**Problem to work on:**
Would you please restate all of the entries exactly, apart from the pictures?

== The records

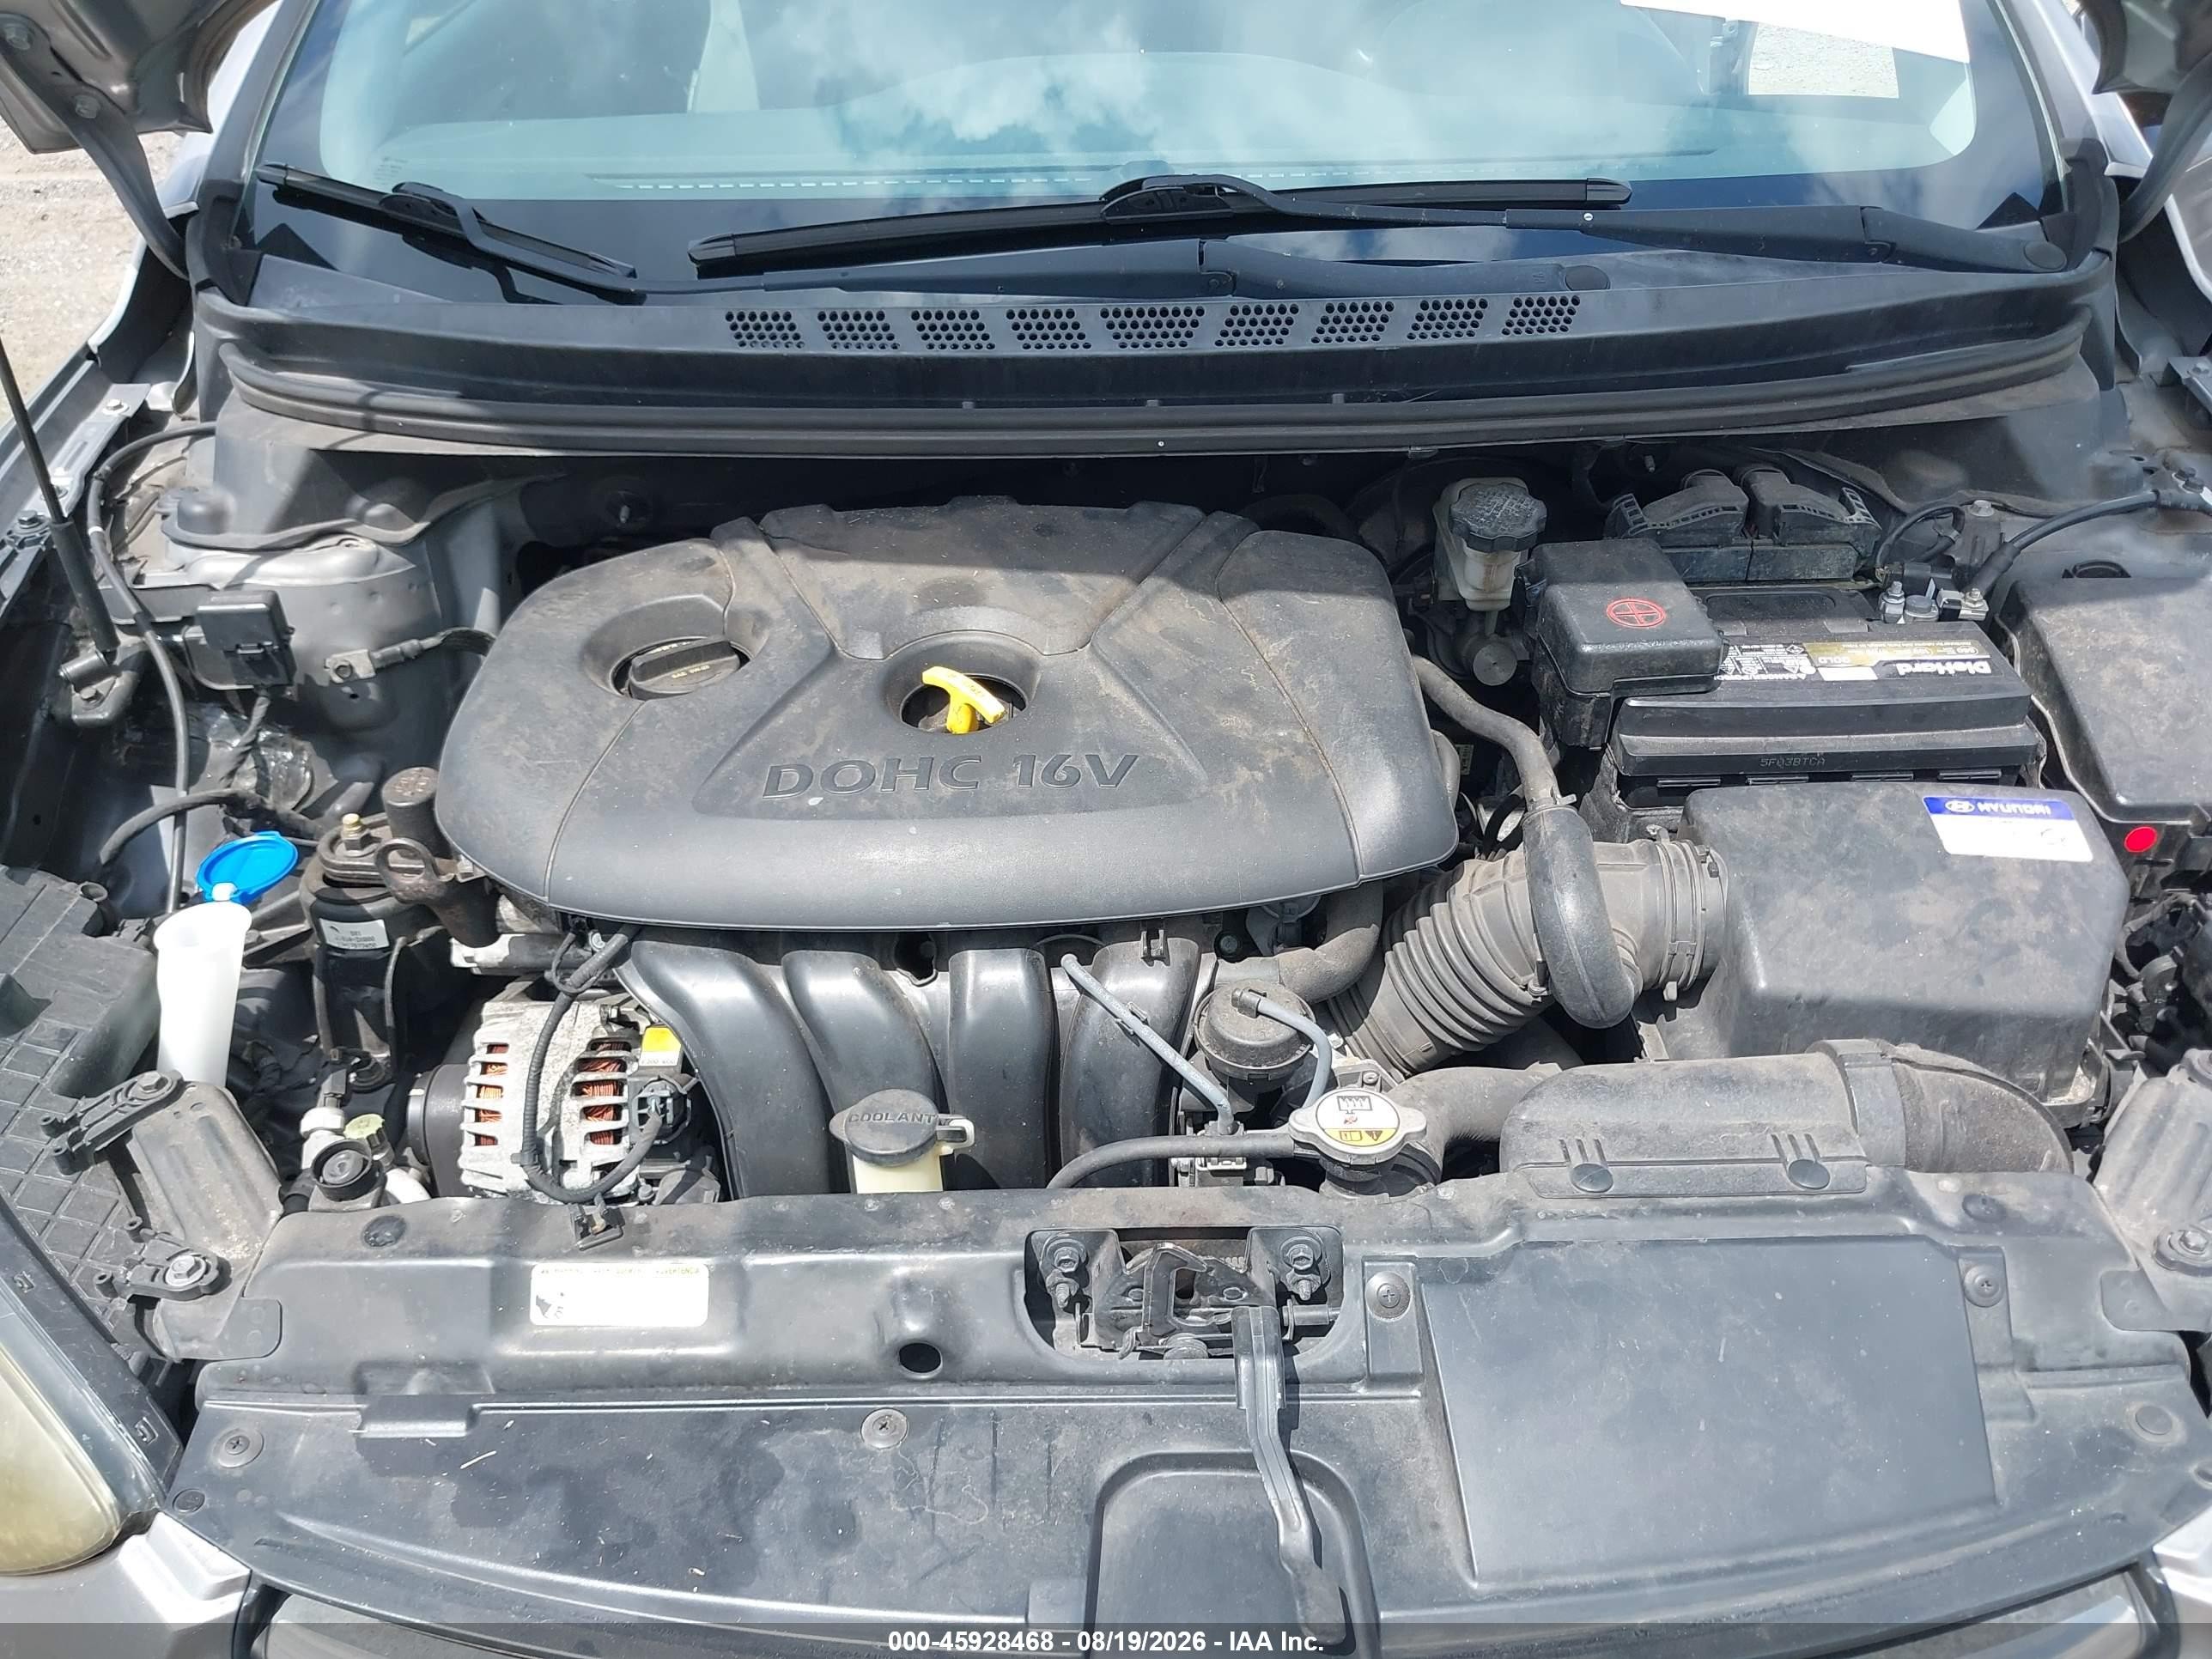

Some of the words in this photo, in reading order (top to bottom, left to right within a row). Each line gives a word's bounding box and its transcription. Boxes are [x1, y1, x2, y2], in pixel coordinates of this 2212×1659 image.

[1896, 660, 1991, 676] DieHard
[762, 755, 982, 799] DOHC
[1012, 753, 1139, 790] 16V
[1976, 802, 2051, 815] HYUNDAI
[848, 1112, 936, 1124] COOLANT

====

**Response:**
Some of the words in this photo, in reading order (top to bottom, left to right within a row). Each line gives a word's bounding box and its transcription. Boxes are [x1, y1, x2, y2], in pixel coordinates of this 2212×1659 image.

[1896, 660, 1991, 676] DieHard
[762, 755, 982, 799] DOHC
[1012, 753, 1139, 790] 16V
[1976, 802, 2051, 815] HYUNDAI
[848, 1112, 936, 1124] COOLANT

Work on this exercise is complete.